Hard to explain sample size and variable conditions—and the fact that I know there are rocks under there—to a 12–year old. Around the corner is the waterfall and rappel station.

There’s a back–up at the rappel. Didn’t expect that one. Thought we’d be comfortably last in line. Tanner starts on his otter routine. Summer sits in the water. I tell her to get out of the water or she’s going to get cold. Going to be a long wait. Summer starts to shiver, and I start into full–on father protective mode and start to make a series of could–have–been–worse mistakes. Here’s what I did incorrectly:

First, I asked the 9:00 AM party if they would set the ropes and then let us use them. They looked sympathetically at Summer and agreed. Should have climbed back upcanyon less than 100 yards to the sun, warmed Summer up, and let them go first. Then I could have rigged it the way I’d planned and taken the time to talk it over with Fred and the kids. It’s funny how, once you’ve lost some elevation in a canyon, you can be so reluctant to gain it back again, even when it’s just a simple scramble.

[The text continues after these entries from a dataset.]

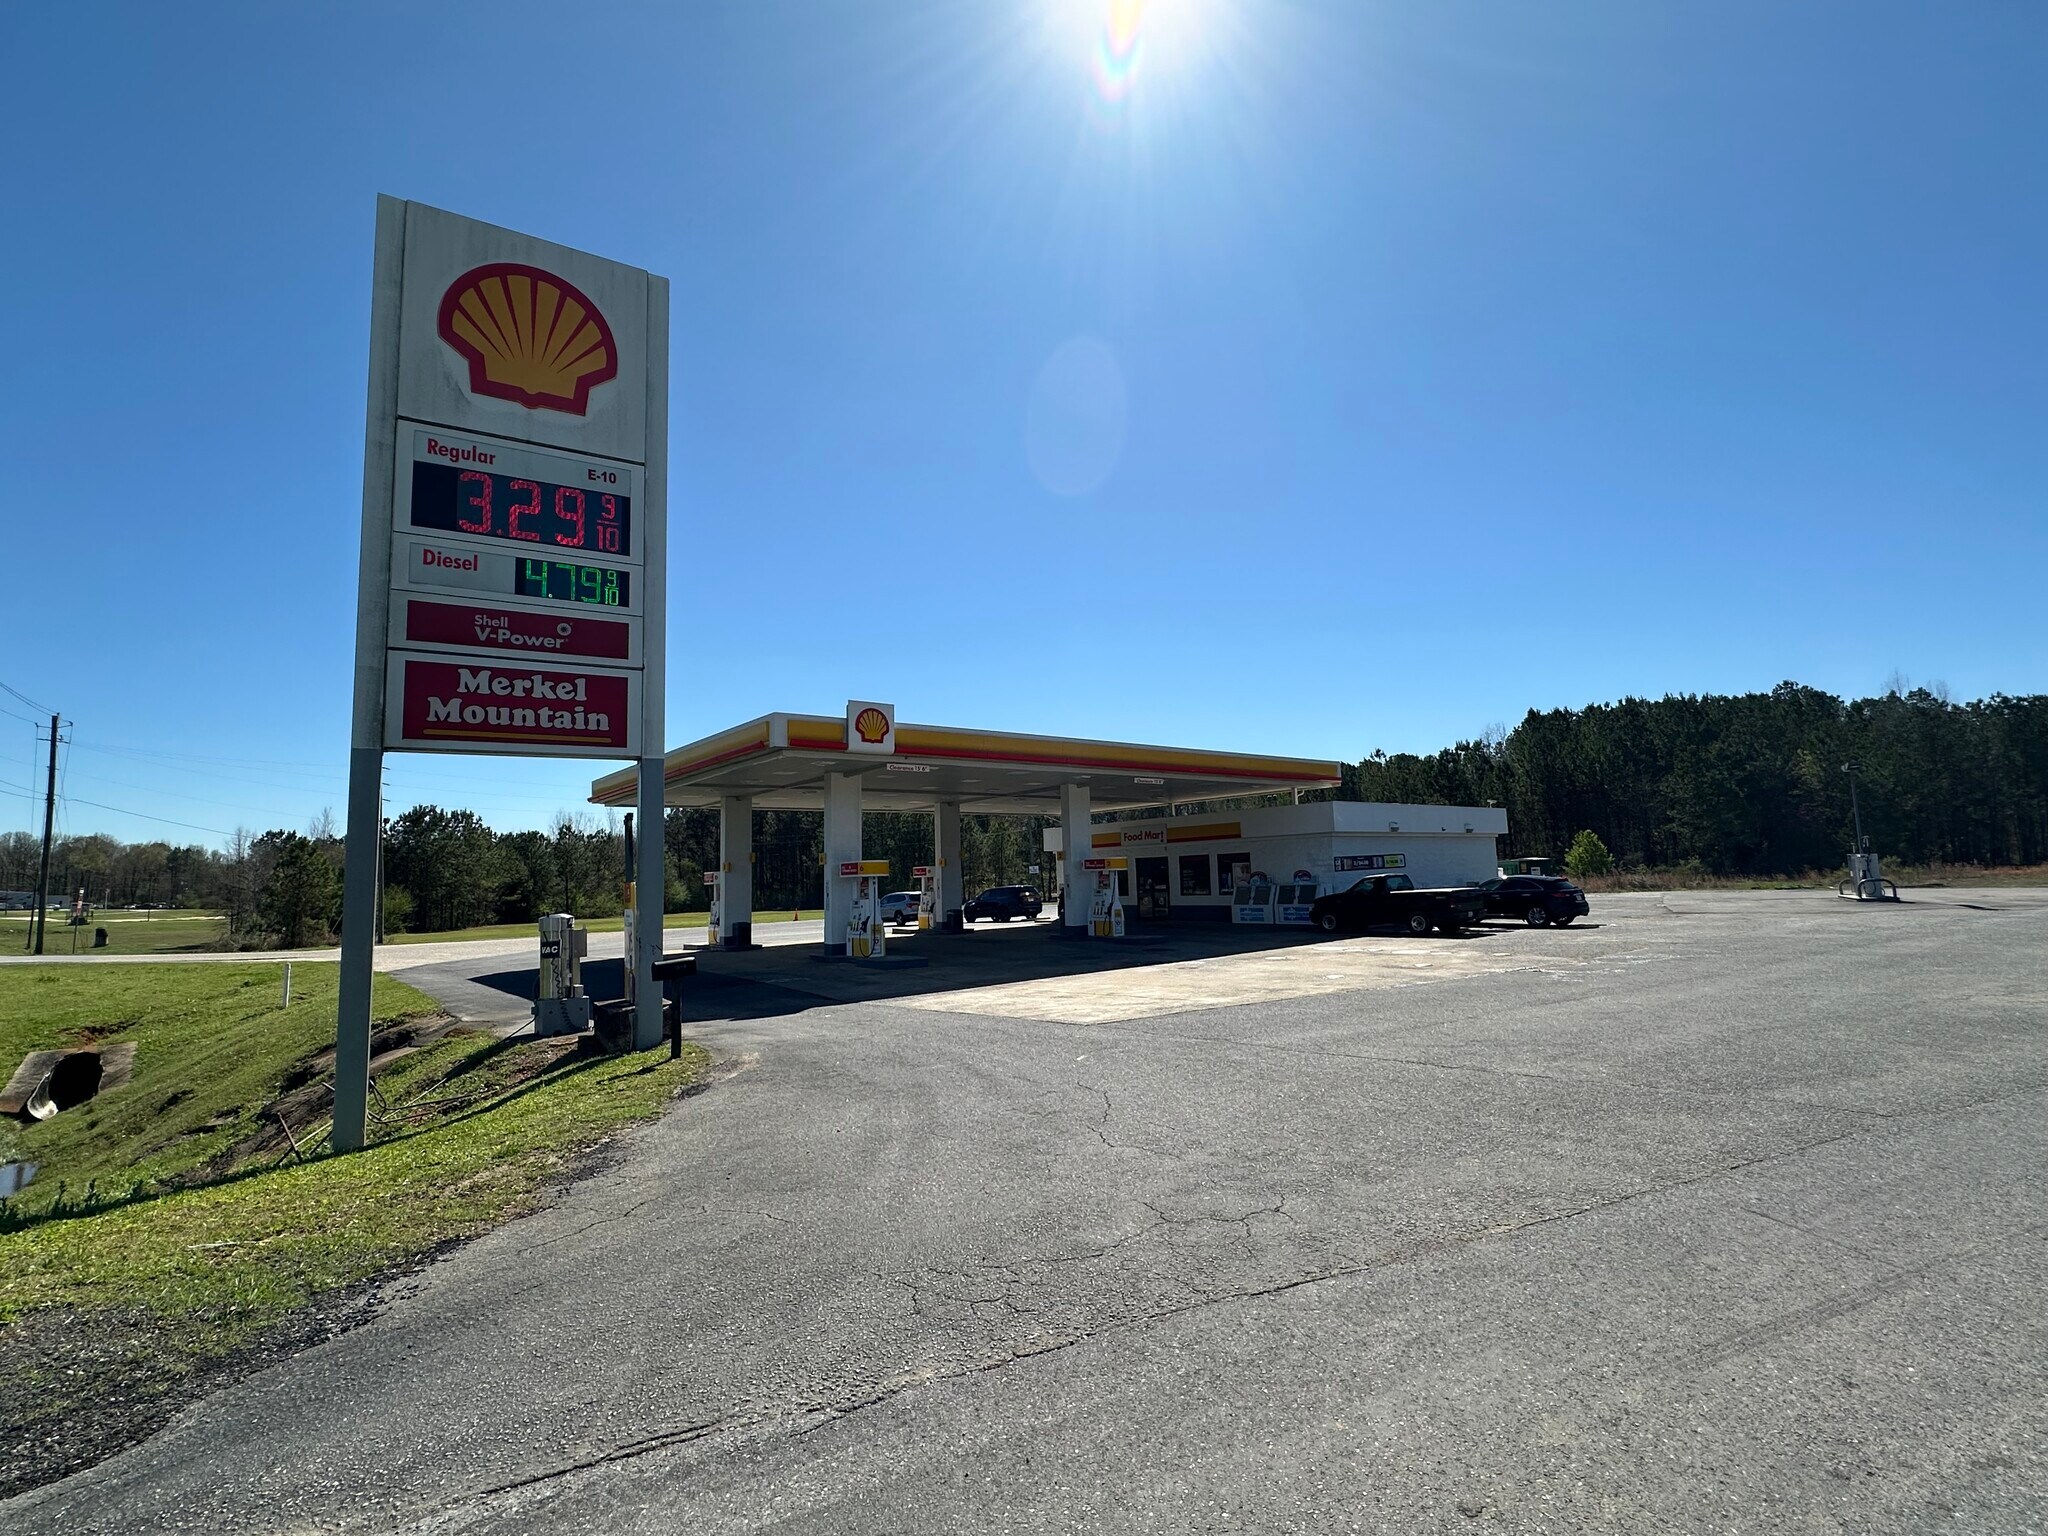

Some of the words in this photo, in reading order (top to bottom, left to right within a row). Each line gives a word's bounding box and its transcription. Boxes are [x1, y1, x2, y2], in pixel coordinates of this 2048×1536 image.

[427, 438, 496, 465] Regular
[588, 468, 617, 485] E-10
[458, 470, 586, 547] 3.29
[422, 548, 479, 572] Diesel
[525, 559, 601, 604] 4.79
[474, 614, 509, 629] Shell
[475, 627, 565, 649] V-Power
[456, 668, 587, 701] Merkel
[426, 696, 611, 731] Mountain
[1124, 830, 1143, 842] Food
[1144, 830, 1164, 841] Mart
[541, 945, 559, 954] VAC

Second, because they were waiting, I started to hurry. So I started managing hardware: Fred scrambled over the traverse to the rappel station and disappeared. I chucked the raft, then the packs, and finally our rope bag, over the edge, through the waterfall, and into the pool where Fred retrieved them. Where are the slings. Oops, can’t find them (they are still in the truck). I cheated up a cowstail from Tanner’s kayaking lifejacket to use to protect the traverse for Summer. Sequenced the kids over to the edge where who I’m pretty sure was Mike was waiting, got my pack on a Munter, and got ready to lower it to Fred. Oops, did I tie that right? Those Munters always look funny upside–down.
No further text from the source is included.